I’m trying to use the tool on COVID-19 samples, however I’m facing the following error:

  Job 3: Exporting data files for for auspice

        augur export v2             --tree results/global/tree.nwk             --metadata data/metadata.tsv
    --node-data results/global/branch_lengths.json results/global/nt_muts.json results/global/aa_muts.json results/global/subclades.json results/global/clades.json results/global/recency.json results/global/traits.json             --auspice-config my_profiles/covid/my_auspice_config.json             --include-root-sequence             --colors results/global/colors.tsv             --lat-longs defaults/lat_longs.tsv             --title 'Genomic epidemiology of novel coronavirus - Global subsampling'             --description my_profiles/covid/             --output results/global/ncov_with_accessions.json 2>&1 | tee logs/export_global.txt

    Validating schema of 'results/global/aa_muts.json'...
    Traceback (most recent call last):
      File "/home/charbel/miniconda3/envs/nextstrain/bin/augur", line 10, in <module>
      File "/home/charbel/miniconda3/envs/nextstrain/lib/python3.8/site-packages/augur/", line 10, in main
    return argv[1:] )
      File "/home/charbel/miniconda3/envs/nextstrain/lib/python3.8/site-packages/augur/", line 75, in run
      File "/home/charbel/miniconda3/envs/nextstrain/lib/python3.8/site-packages/augur/", line 22, in run
    return run_v2(args)
      File "/home/charbel/miniconda3/envs/nextstrain/lib/python3.8/site-packages/augur/", line 903, in run_v2
    node_data, node_attrs, node_data_names, metadata_names = parse_node_data_and_metadata(T, args.node_data, args.metadata)
      File "/home/charbel/miniconda3/envs/nextstrain/lib/python3.8/site-packages/augur/", line 863, in parse_node_data_and_metadata
    if node["strain"] in node_attrs: # i.e. this node name is in the tree
    KeyError: 'strain'

What could be causing this error? I double checked my metadata and input sequences many times now, and everything seems fine.

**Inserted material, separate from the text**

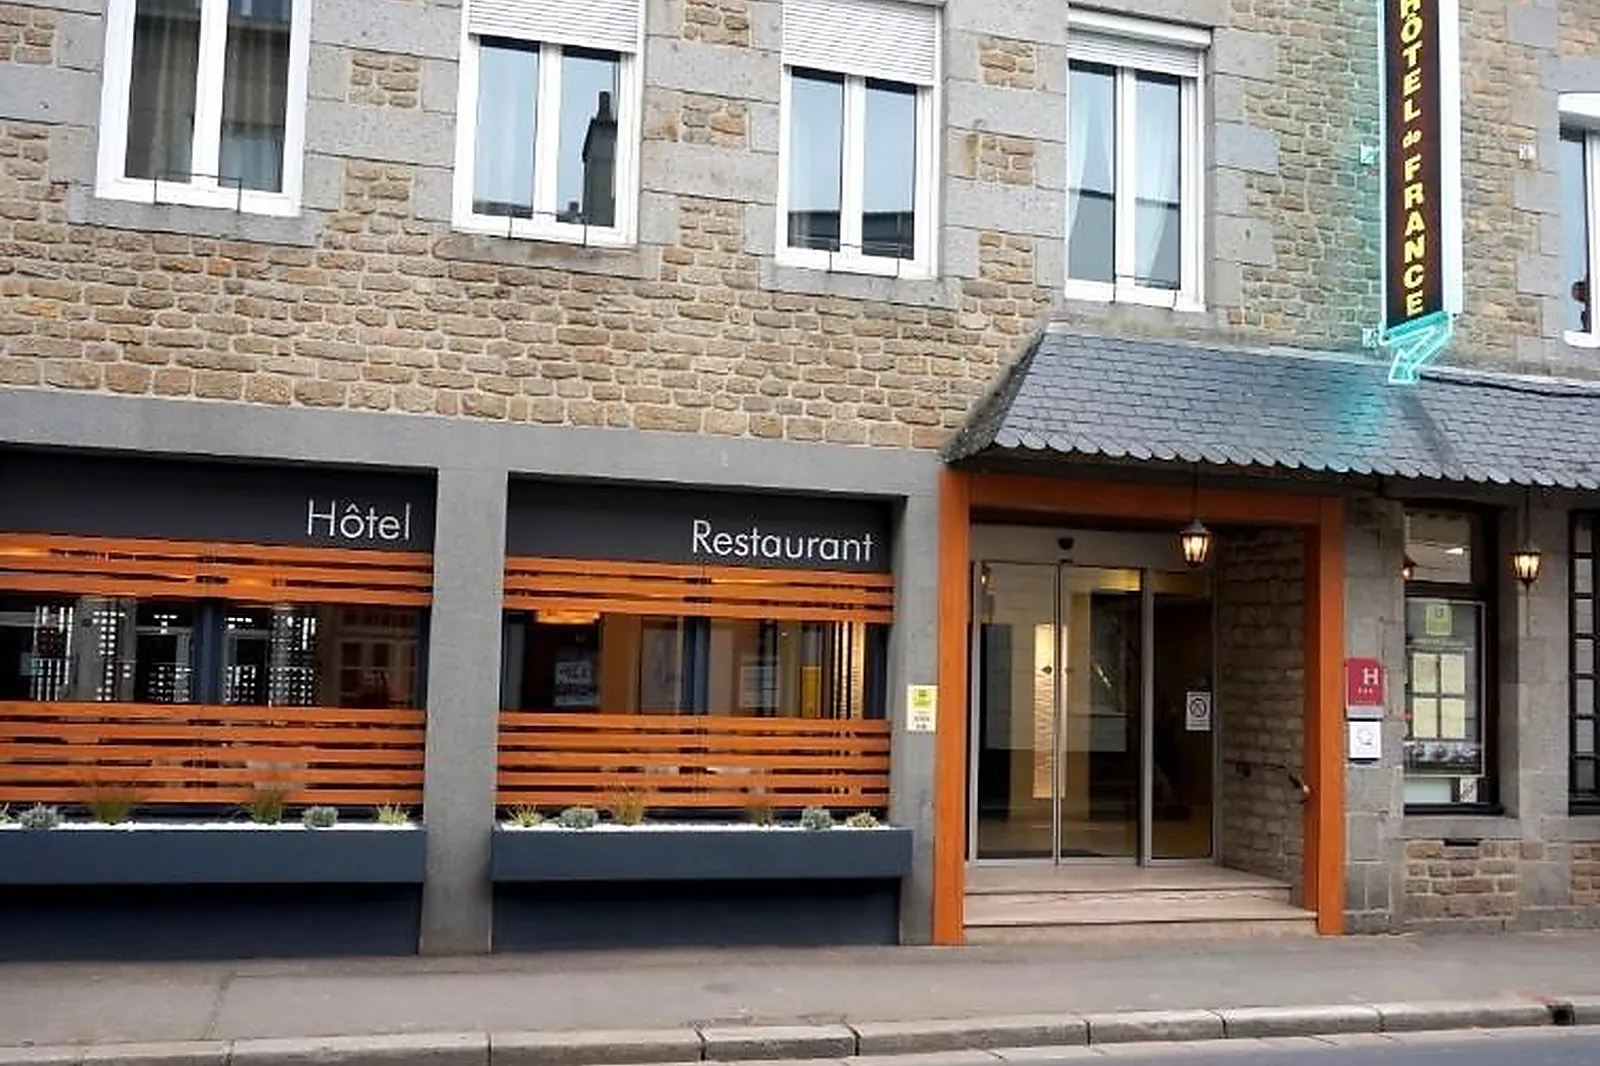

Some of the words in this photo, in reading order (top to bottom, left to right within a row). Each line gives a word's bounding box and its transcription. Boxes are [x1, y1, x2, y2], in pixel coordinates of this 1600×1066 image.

Note that I’ve run the pipeline on the example data and it worked fine.

Hi @cgem. The error looks like it’s coming from an improperly formatted node-data file, where a node is missing a name ('strain'). If nothing appears amiss when looking at those files then feel free to email us the files & we can take a look. It might also be worth looking at the output messages from the previous commands in the pipeline to see if anything looks amiss which could have resulted in a strange node-data file being produced.

Hello @james,Thanks for your reply.
It turned out that the error was caused due to a different ordering of the samples in the FASTA and metadata files. The pipeline ran to completion after fixing the issue and I managed to visualize the results in auspice.
I’ll leave the post up for anyone who might face the same issue in the future.

Does the order still matter? How did you find out and go about fixing this?

im having the same issue but since im dealing with 20k entries, not sure how to begin fixing it.

Hi @omarkr - the order of entries in FASTA vs metadata doesn’t matter. Could you post the error message you are getting?